Foul play suggested in corruption case
all credits: Mail Online
published: 27 January 2012
Any news updates on this case will be listed at the foot of this item
Missing documents that sparked the collapse of a police corruption case – in which officers were accused of fitting up three innocent men for the murder of a prostitute – have been found intact, despite claims the files had been shredded.
Ten people, including eight former police officers, were accused of fabricating a case which led to the wrongful jailing of three innocent men for the murder of Lynette White in 1988. However, the multi-million pound case collapsed in farce last month after the court was told crucial evidence had been shredded.
Now, it has been confirmed that the supposedly destroyed documents have been found intact and in their original boxes by investigators.
Yusef Abdullahi, Tony Paris and Stephen Miller became known as the ‘Cardiff Three’ when they were wrongly jailed for the murder of Lynette White in 1990.
They were freed by the Court of Appeal in 1992 after a judge heavily criticised the original police investigation into the 20-year-old’s murder.

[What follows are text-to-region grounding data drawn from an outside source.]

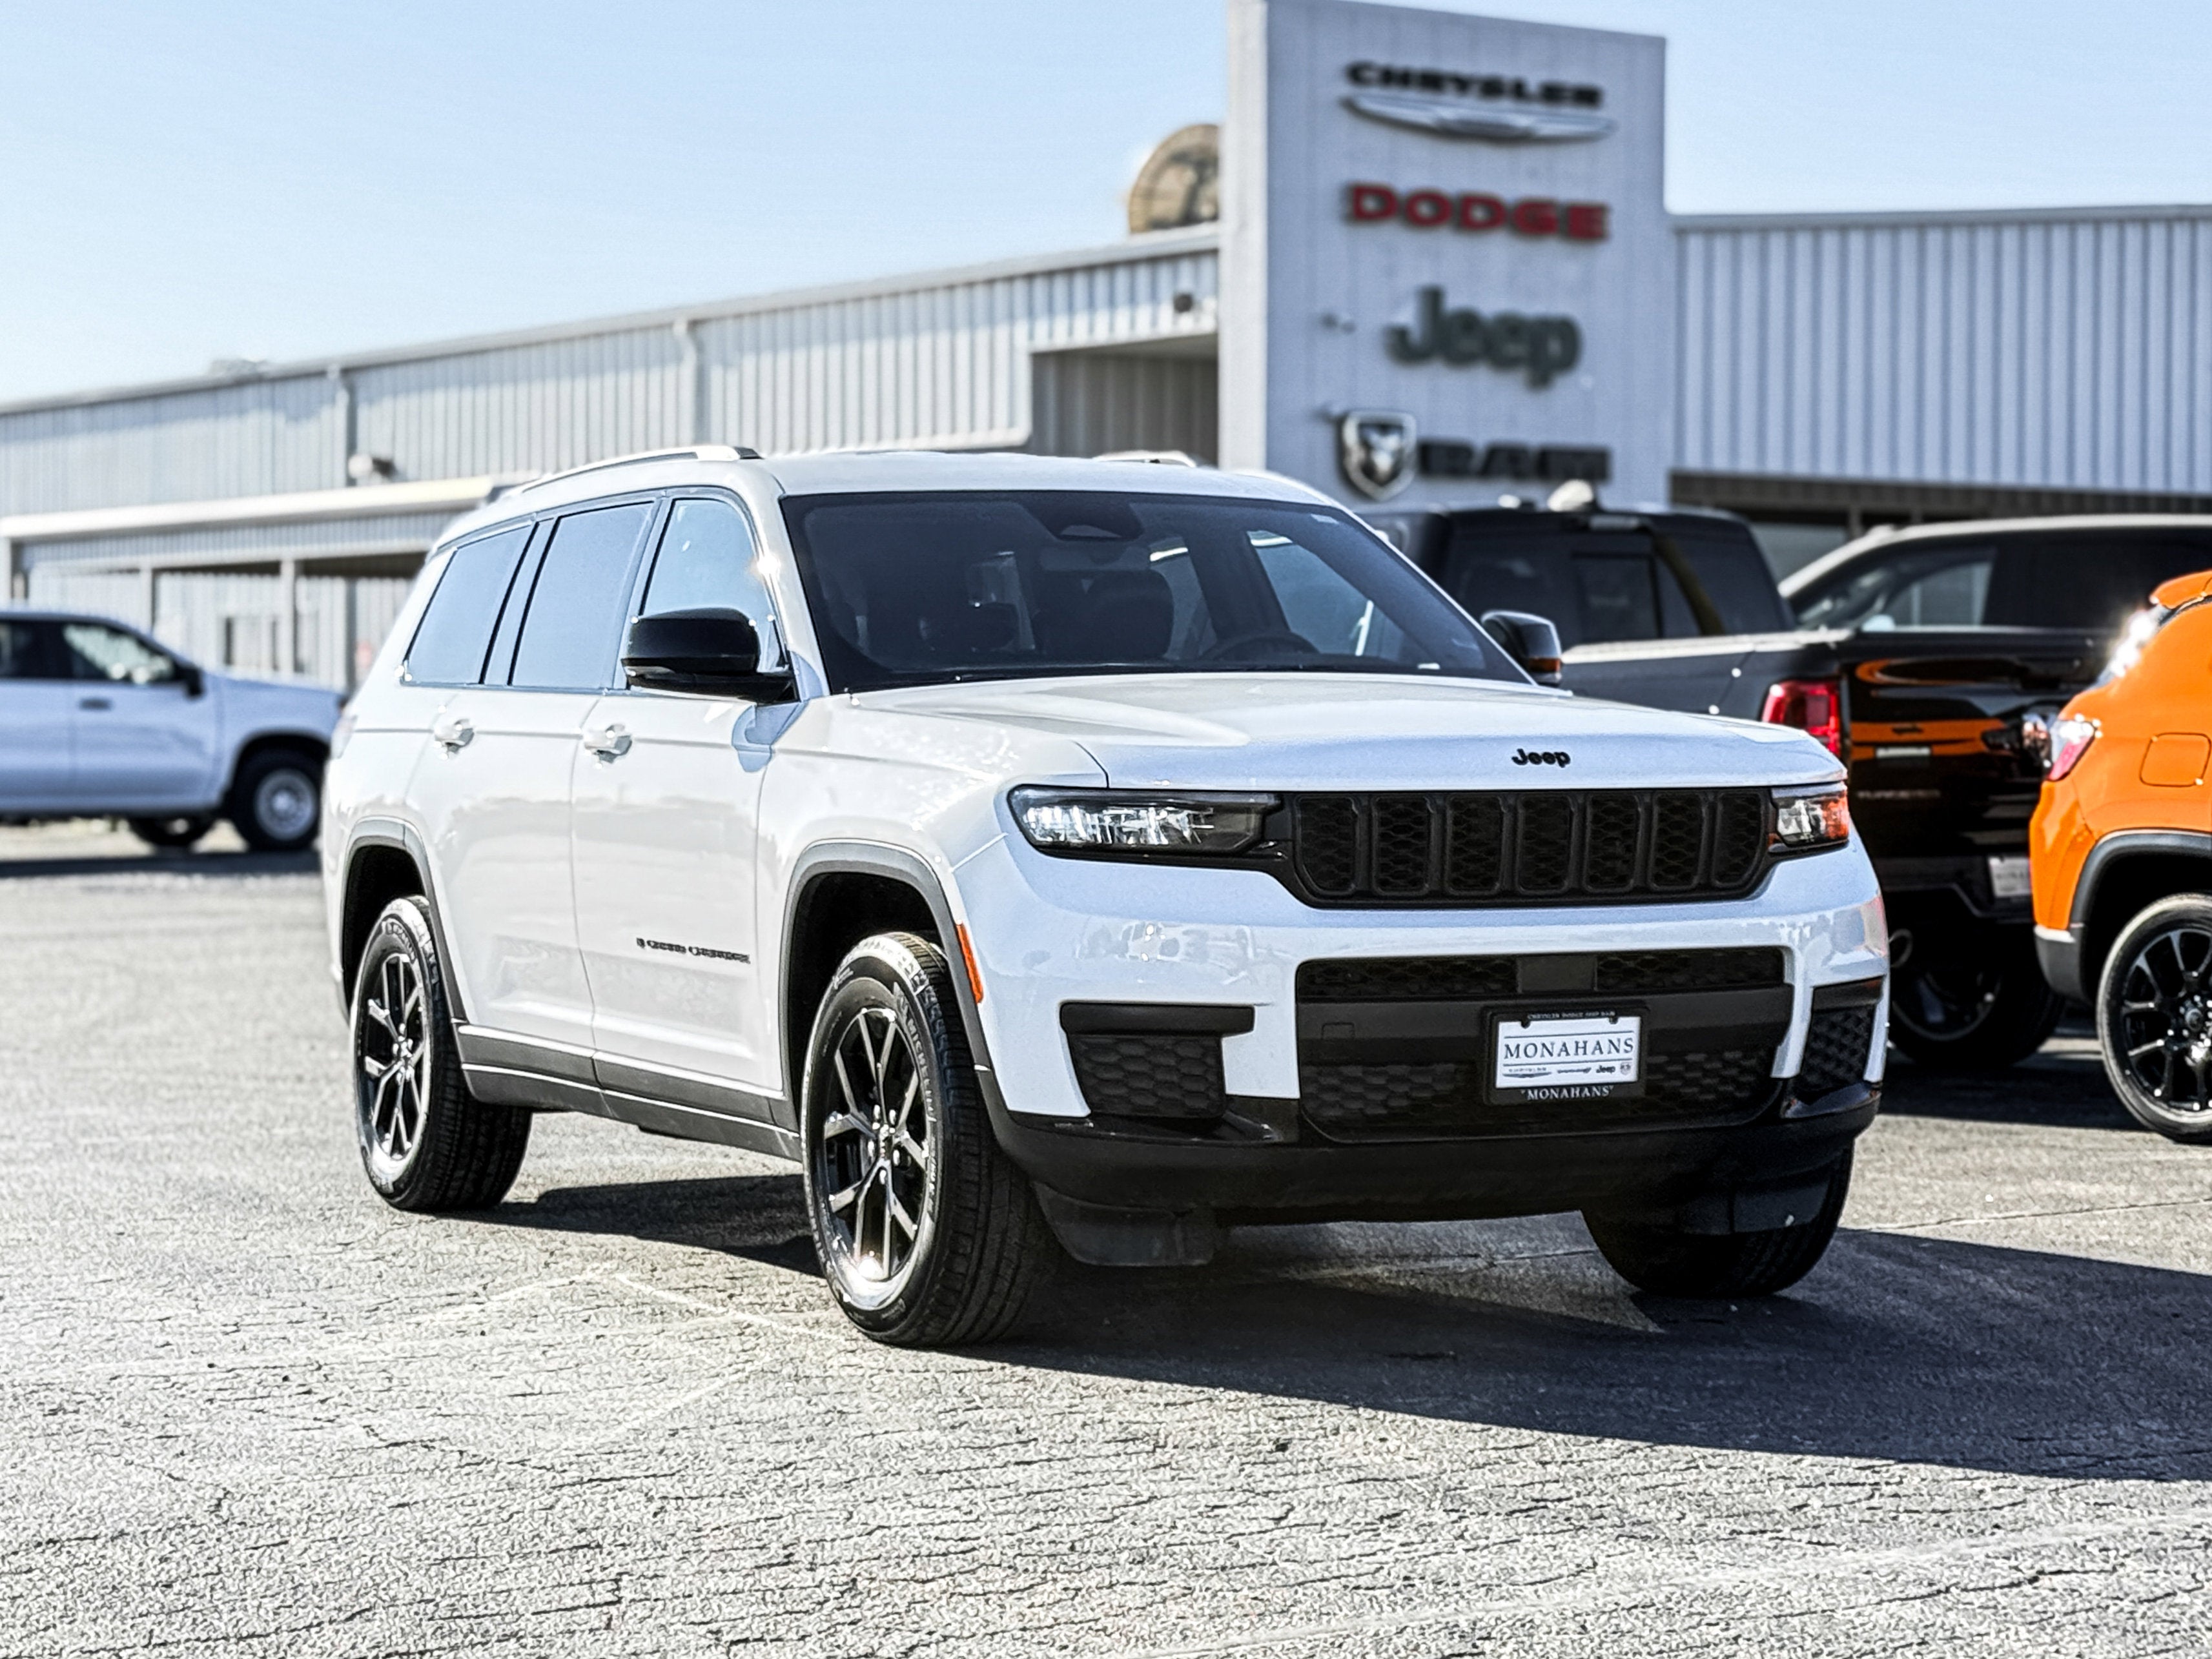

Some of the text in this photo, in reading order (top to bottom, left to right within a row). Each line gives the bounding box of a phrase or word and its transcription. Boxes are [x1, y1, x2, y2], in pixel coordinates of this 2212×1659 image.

[1347, 61, 1604, 107] CHRYSLER
[1346, 183, 1610, 243] DODGE
[1387, 285, 1582, 390] Jeep
[1418, 439, 1612, 482] RAM
[1511, 748, 1571, 768] Jeep
[1504, 1037, 1633, 1059] MONAHANS
[1526, 1086, 1610, 1101] MONAHANS
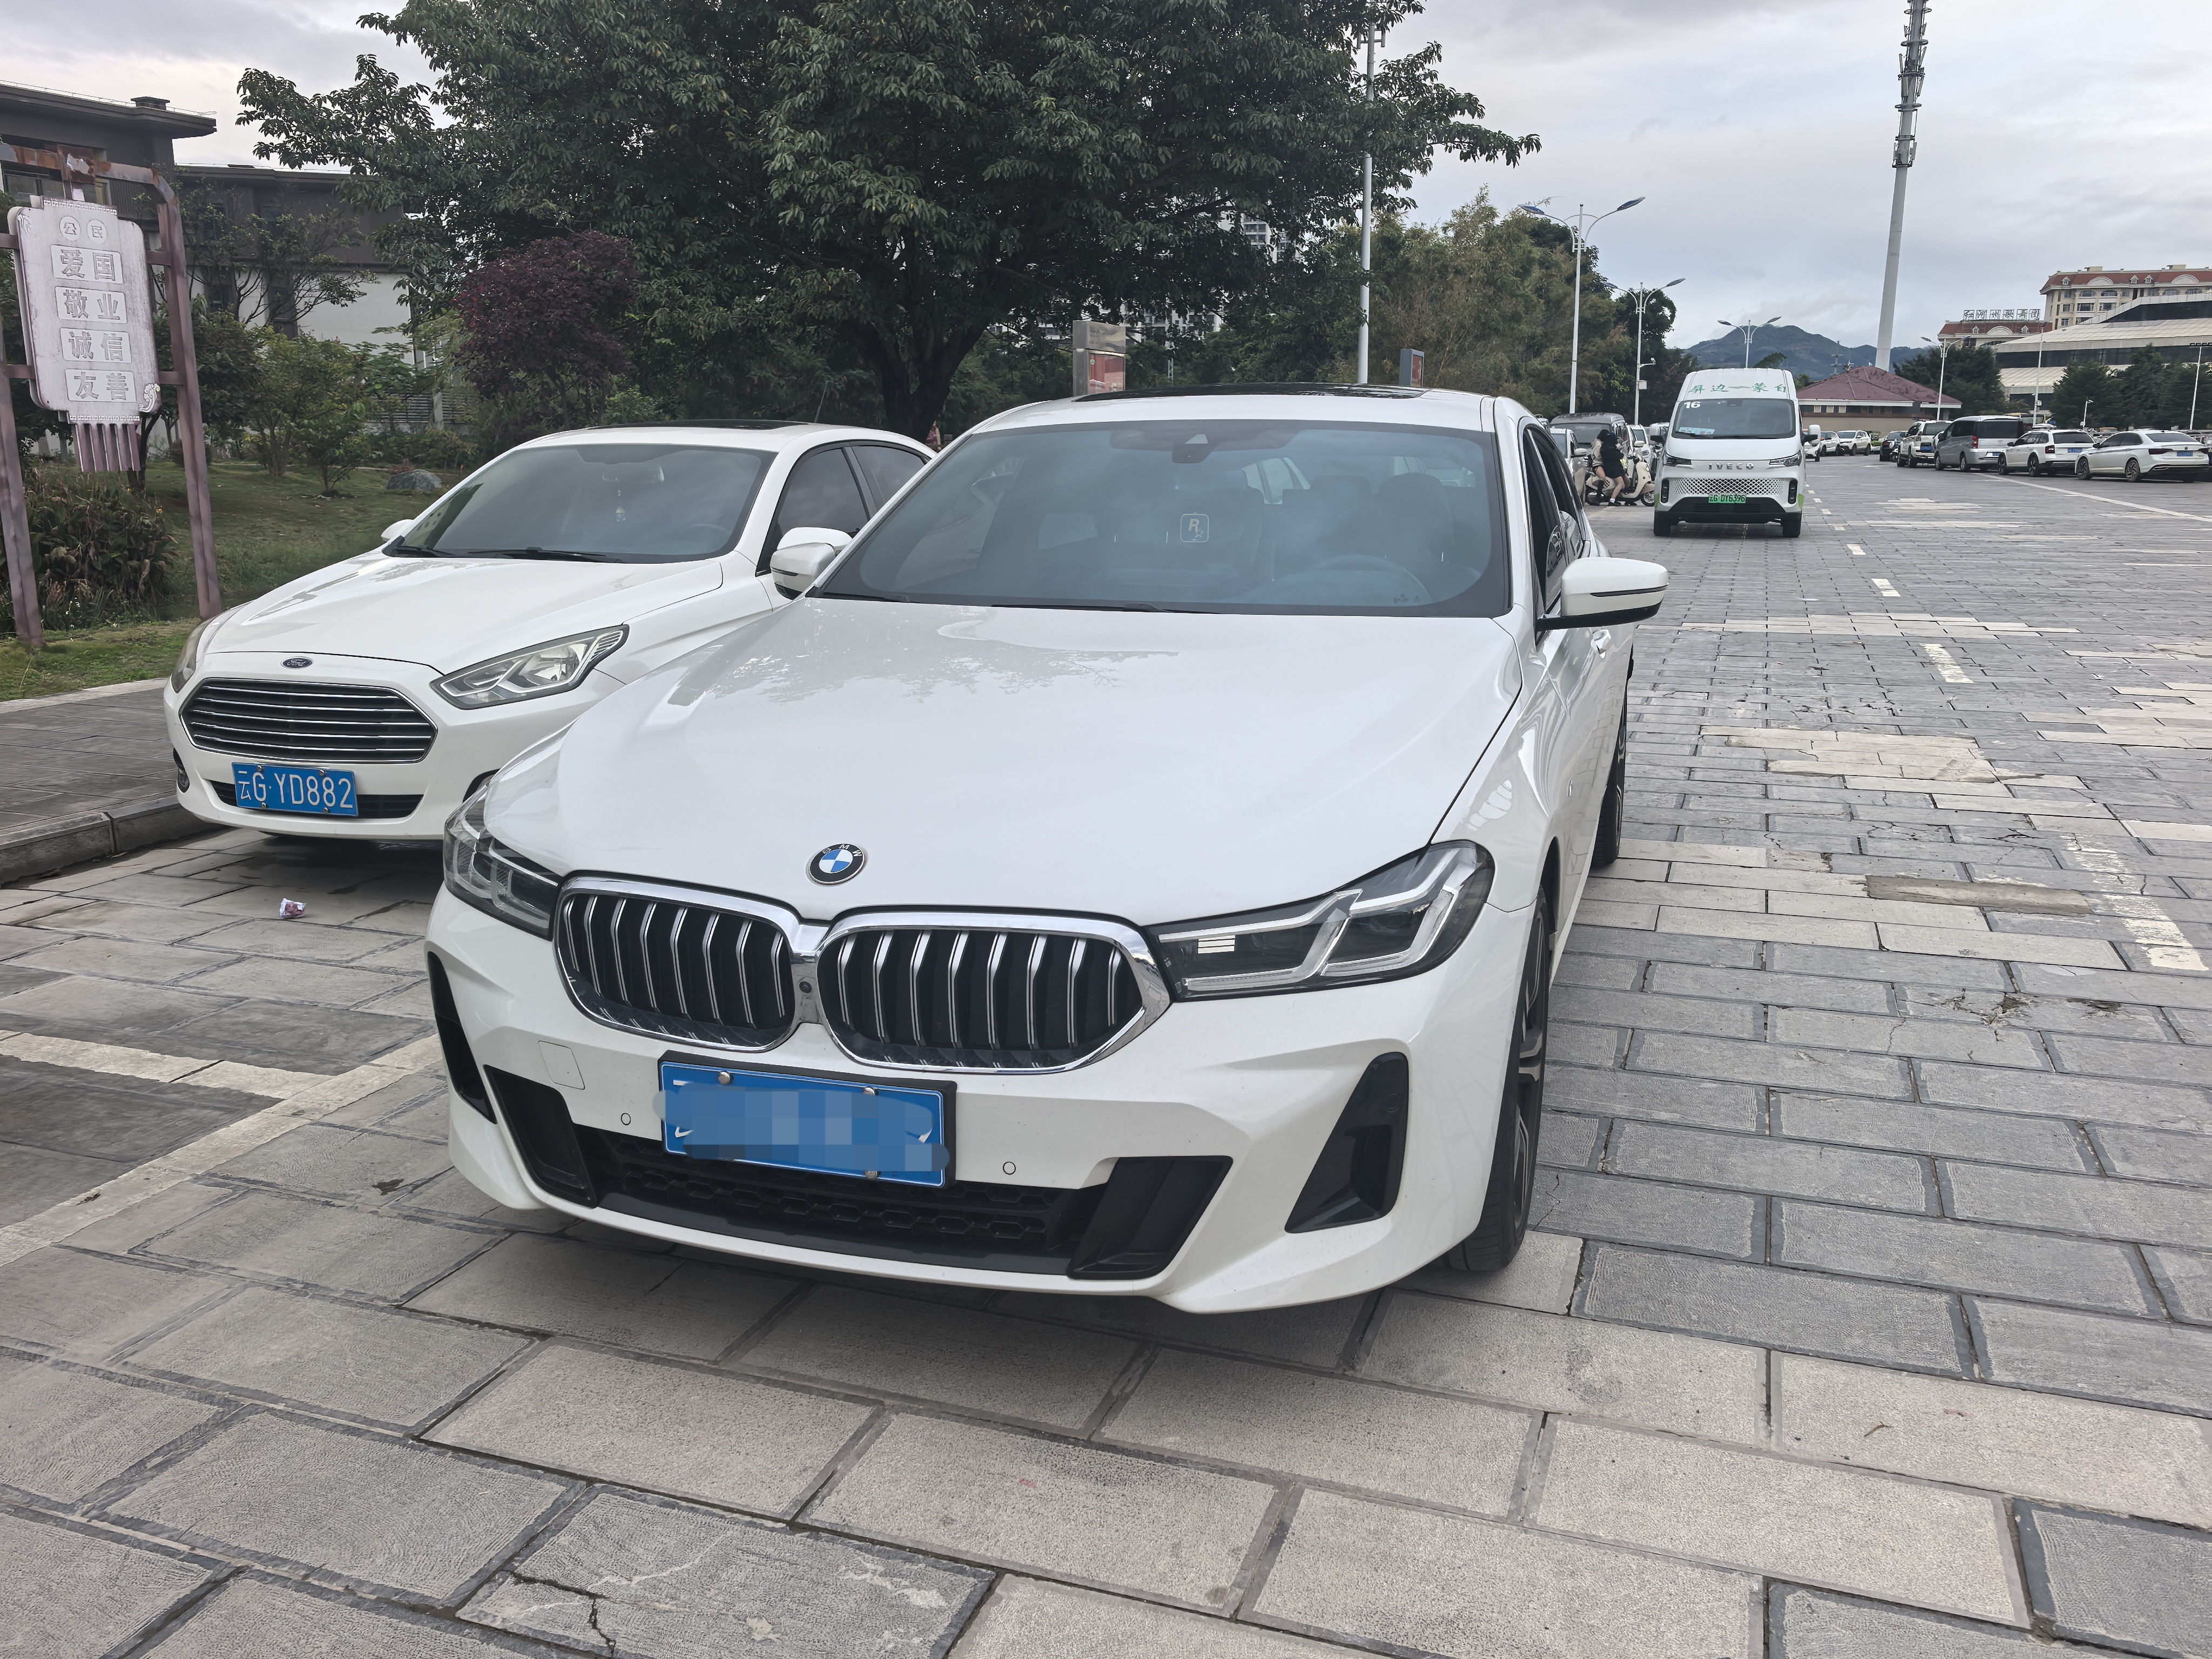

South Wales Police mounted an eight-year inquiry into the case which led to the eight officers being accused of fabricating evidence to frame the ‘Cardiff Three’ and two other men, cousins John and Ronnie Actie who were acquitted in 1990.
Chief superintendent Thomas Page, 62, and chief inspectors Graham Mouncher, 59, and Richard Powell, 58, were alleged to have colluded with five other detectives – Michael Daniels, 62, Paul Jennings, 51, Paul Stephen, 50, Peter Greenwood, 59, and John Seaford, 62 – to pervert the course of justice.
All were acquitted last month after Swansea Crown Court heard that a top cold-case detective at South Wales Police (SWP) had ordered the destruction of files containing evidence relating to the case. Mr Justice Sweeney discharged the jury telling them the accused could not get a fair trial.
Four other ex-policemen, also jointly accused of conspiracy to pervert the course of justice, were due to stand trial separately next year.
The Independent Police Complaints Commission (IPCC), which is investigating the collapse, revealed the missing files had been found in the hands of SWP.
The revelation prompted Director of Public Prosecutions, Keir Starmer QC, to order an independent probe into the disclosure exercise conducted by prosecutors involved in the case.
Stephen Miller, who was wrongly jailed for the murder, last night reacted angrily to the development describing it as ‘ridiculous’. He told the Independent: ‘There has to be a public inquiry. Some of my co-accused have now passed away – where is the justice for them?’